Can it be used to power the 1A Bluetooth Receiver?

I am using this power supply to power one of the Sure Amps. Working great. I would like to add the BT-1A Bluetooth Receiver Module, to the current setup that I am using. The question is can I power the 1A Bluetooth Receiver from this power supply? What would I need to do to do so? Is it as simple as cutting off the USB off and connecting to the power supply output? Or would this just burn it out?
Asked by: GAHope
You will need to use a regulator of some sort to drop the 24 volt output of the power supply to the 3.3 to 5 volt supply required by the bluetooth module. If you wire the module directly to the 24 volt supply it will be damaged. Look into using a 5 volt regulator similar to an LM340-T5 or a 7805. You'll need a heatsink for the regulator as you'll be asking it to disipate the 19 un-needed volts at whatever the supply current is. The regulator may get a little warm.
Answered by: Bryan
Date published: 2012-12-26

How to connect?

So this is my first time build. I'm trying to acquire all the needed parts, and of course a supply is a big one. I understand how to hook up the power (L,N,Ground), but how would I put this on an amplifier? And then consequently, If I wanted to attach a external power switch or an LED light, how would I attach thouse as well? What are the COM and V+ connections?
Asked by: JacobNSullivan
The answer to all of your questions is "It depends"......on how professional and fool-proof you want your final product to be. I can tell by your questions that you are VERY new to this. If you want the cheapest fastest and ugliest design - you just get a piece of plywood about 18" by 12" and nail or screw all the parts (pwr supply and amplifier modules) to it. All the wiring shows and little kids should never be allowed to touch it EVER. If you don't want to do that - you willl need to either buy a chassis box or rip all the guts out of an old receiver to use it and the switches, power cord and speaker terminals.Regarding the COM and V+ connections - if you do not know what they are for yet - you do not have enough knowledge (yet) to build anything.
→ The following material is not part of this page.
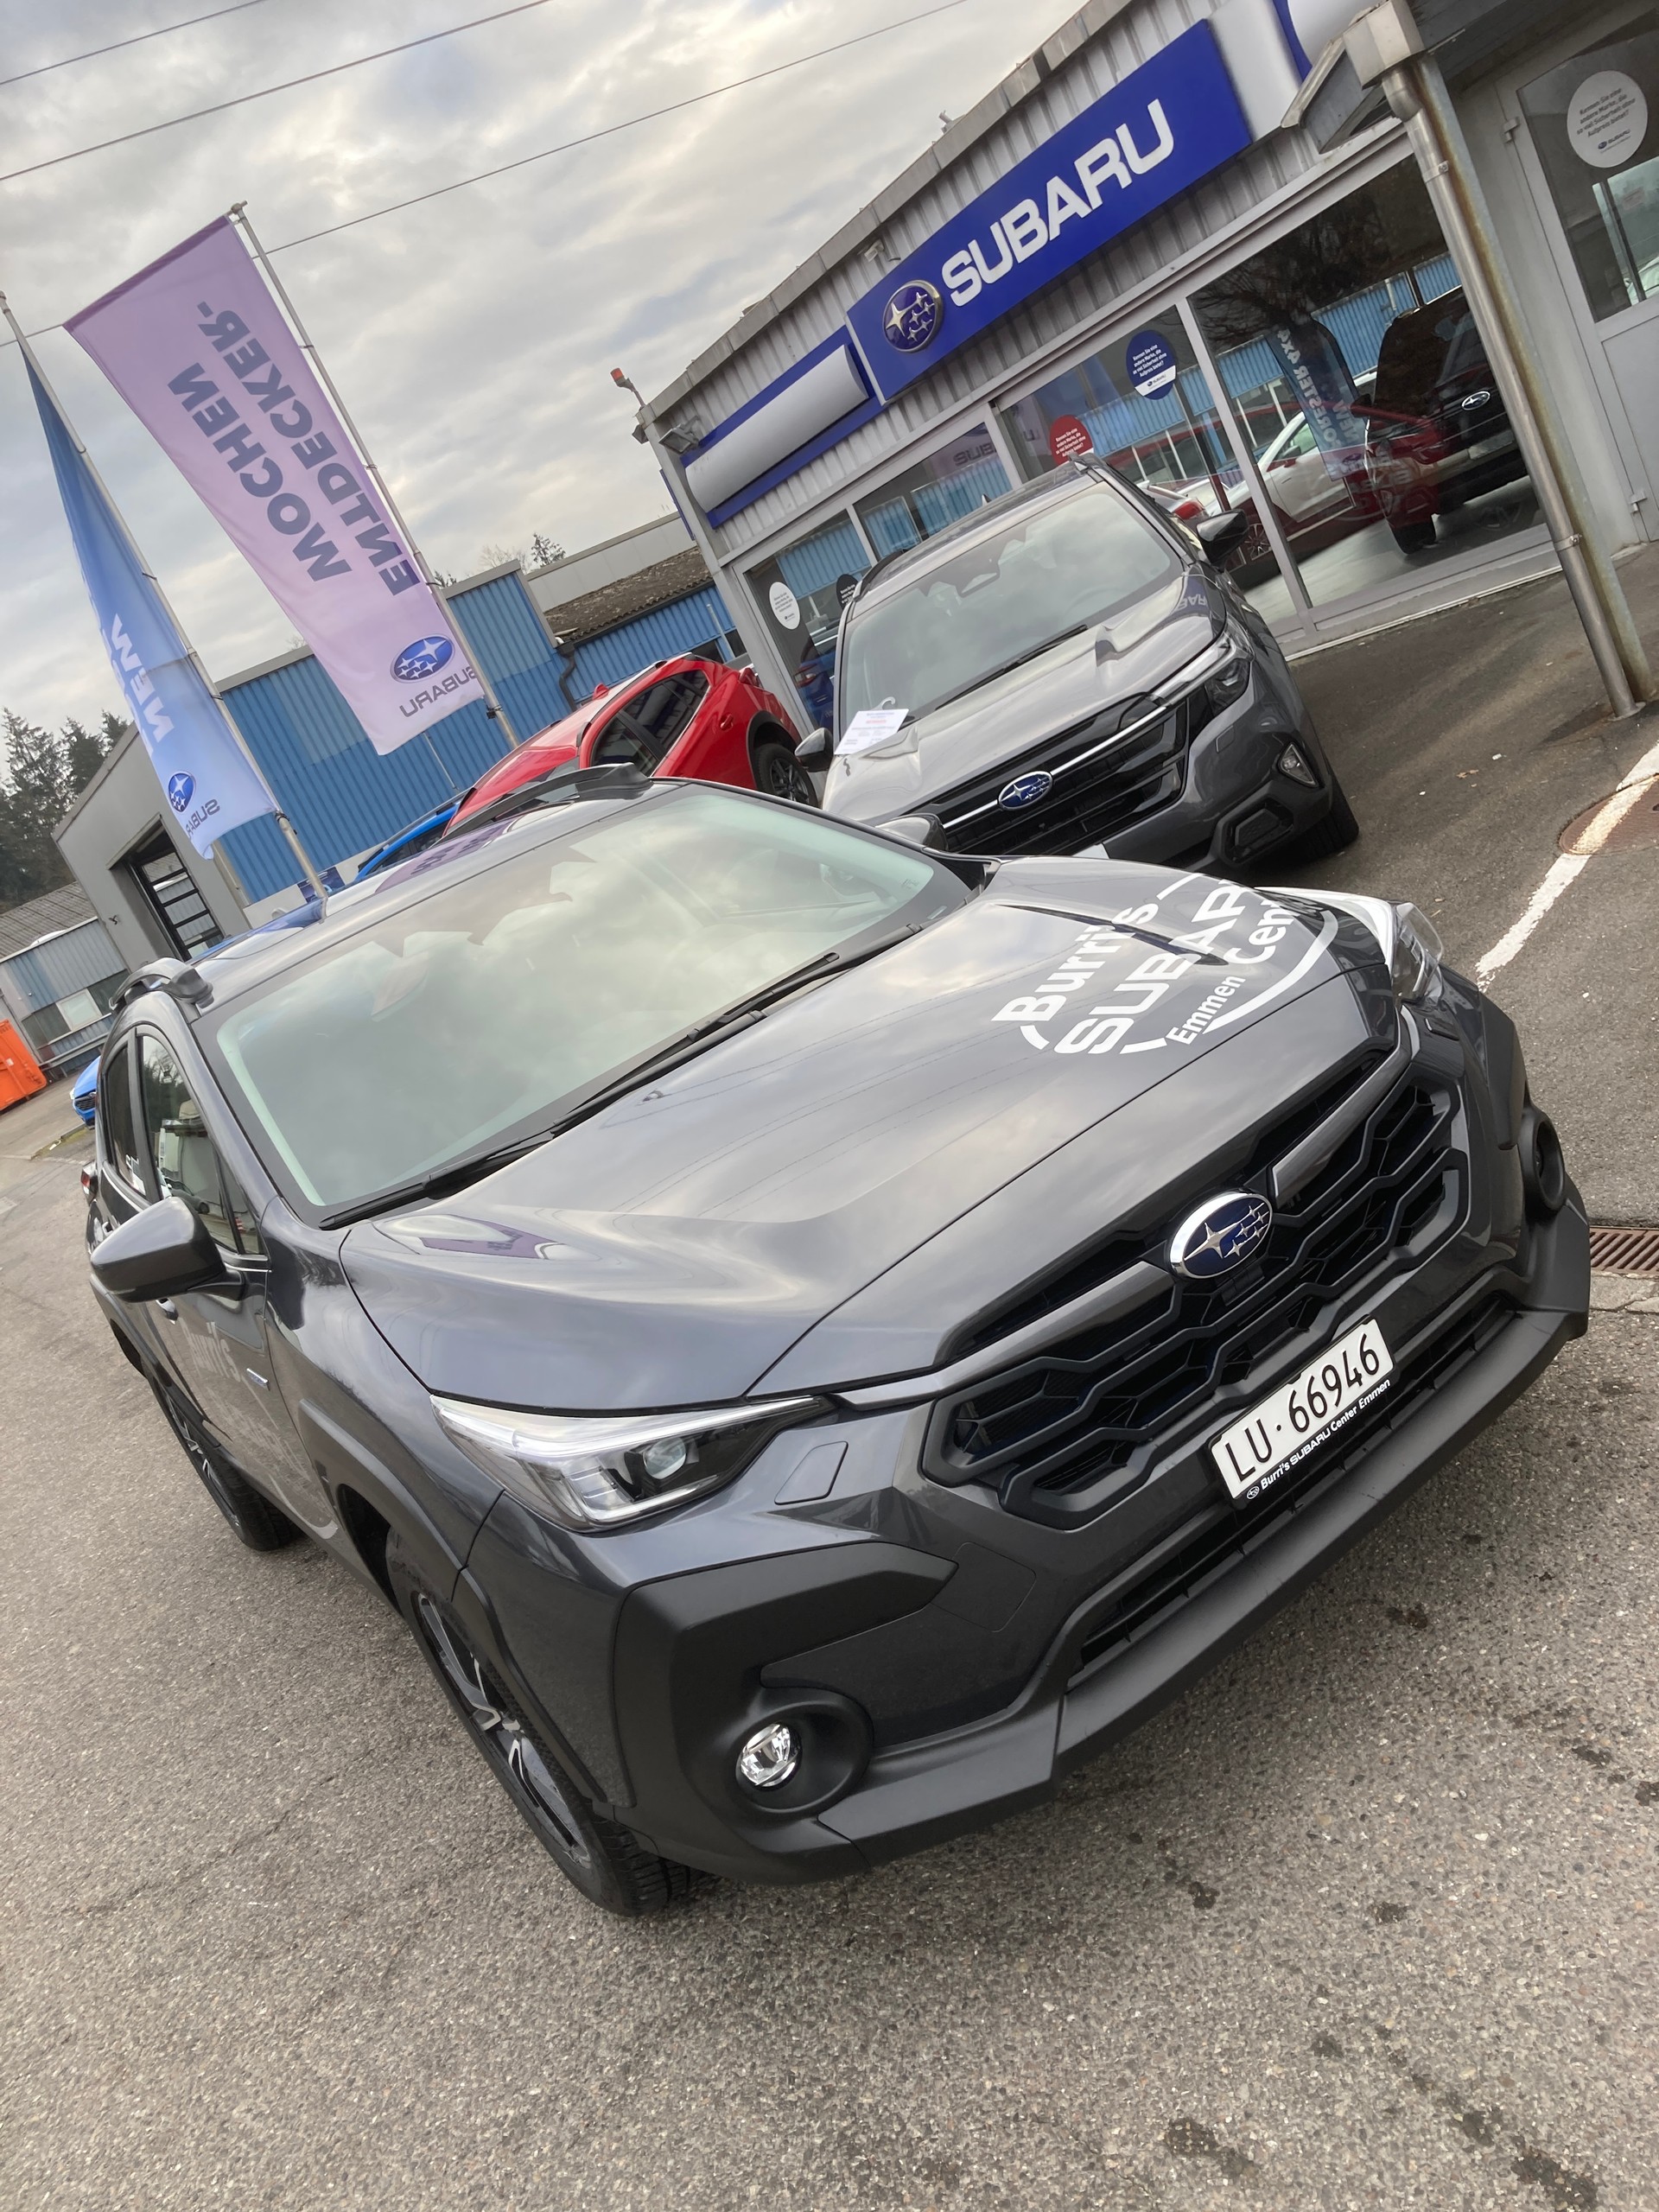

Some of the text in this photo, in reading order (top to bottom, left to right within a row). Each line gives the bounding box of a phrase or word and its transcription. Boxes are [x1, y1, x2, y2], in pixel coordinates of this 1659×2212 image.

They are the SINGLE ENDED power output for the amp modules - and if you do not know what that means - there is a 50/50 chance that this power supply will not work wth the amp modules you may buy. You need to either do a lot more reading about this OR buy a complete kit (amp modules, power supply, chassis). Don't worry - this is how I started.....many years learn a bit with each project. If I were you and did not want to waste money blowing up stuff to learn what not to do - I would buy a kit figured out by Parts Express.